3. Keep Your Exercise Routines Exciting

Being stationary is bad for your bones and your overall health. A great way to stay motivated to exercise is by turning it into a group activity. Whether it’s working out with friends over a video call or doing group workouts with the family, it is better to involve other people to be accountable.

There are many videos online to help you change up your exercise now and then. Exercise variations and different physical activities will keep your fitness routines exciting and enjoyable.

4. Continue Setting Specific Times To Clock In And Out Of Work

The tendency when working from home is to attend to work matters from morning until evening. Not having a set time dedicated to accomplishing work tasks is the pandemic equivalent of bringing home more work after leaving the office. Not only does this leave you with no free time, but it also takes a mental toll on you.

Set particular hours for yourself to log in and out of work responsibilities. This maintains a clear separation between work and personal life. It also conditions your mind and body to relax after a long day.

5. Keep Nurturing Your Hobbies And Interests

Some people unwind by creating new things. If you like to draw, write, or knit, set aside time to complete passion projects that you enjoy. These kinds of activities are a healthy coping method during stressful seasons.

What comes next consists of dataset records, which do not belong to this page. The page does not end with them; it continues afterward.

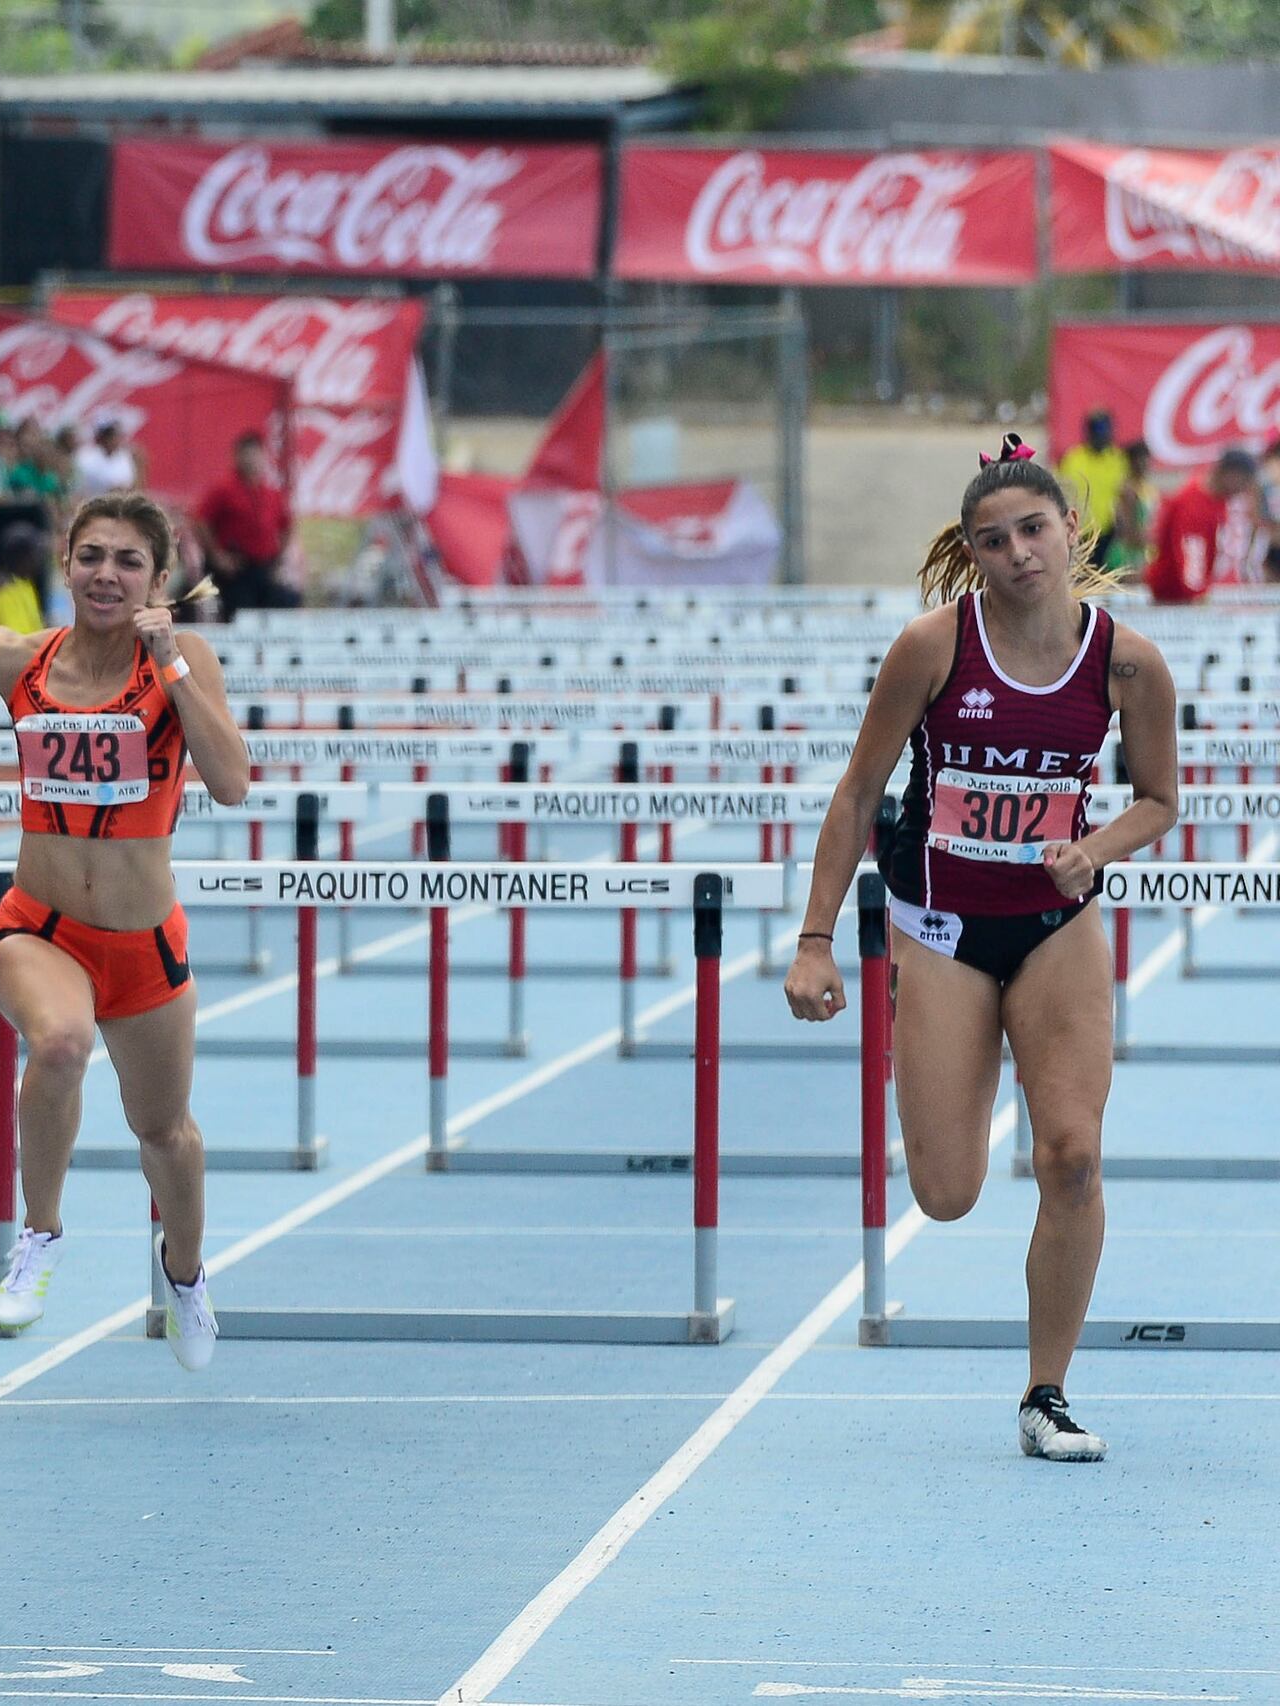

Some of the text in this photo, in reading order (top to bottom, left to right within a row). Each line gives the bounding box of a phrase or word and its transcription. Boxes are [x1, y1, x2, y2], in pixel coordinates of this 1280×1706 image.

[42, 717, 82, 731] Justas
[112, 718, 137, 731] 2018
[42, 732, 120, 782] 243
[44, 786, 91, 797] POPULAR
[967, 777, 1071, 793] Justas LAI 2018
[534, 794, 641, 818] PAQUITO
[650, 794, 788, 818] MONTANER
[961, 791, 1049, 844] 302
[951, 843, 1009, 858] POPULAR
[199, 872, 670, 902] UCS PAQUITO MONTANER UCS
[1140, 872, 1280, 902] MONTAN

Destressing doesn’t always have to be about creating something, though. Watching a TV show, reading a book, or playing games are also small ways to relieve stress. Your hobbies don’t require tangible end-products to benefit your mental health.

Avoiding Digital Burnout

Even before the pandemic, the world has been growing increasingly dependent on digital technology. It was only a matter of time before adults and young people alike experienced digital burnout. Then the pandemic interrupted the general pace of work and life.

Many adults began to share a common routine of waking up to check their smartphones, turning on the TV to watch the news, and then being on the computer all day for conference calls and work deliverables. Being forced into a digitally dependent environment made it inevitable to feel exhaustion and restlessness in the situation.

While you cannot single-handedly change how the world will recover from the virus, you can help yourself from getting burnt out. Keep the above practices in mind and always give yourself space to breathe outside of your online interactions.

Remember: digital dependence isn’t a curse you have no control over. It is a mindset you can avoid with good, simple habits.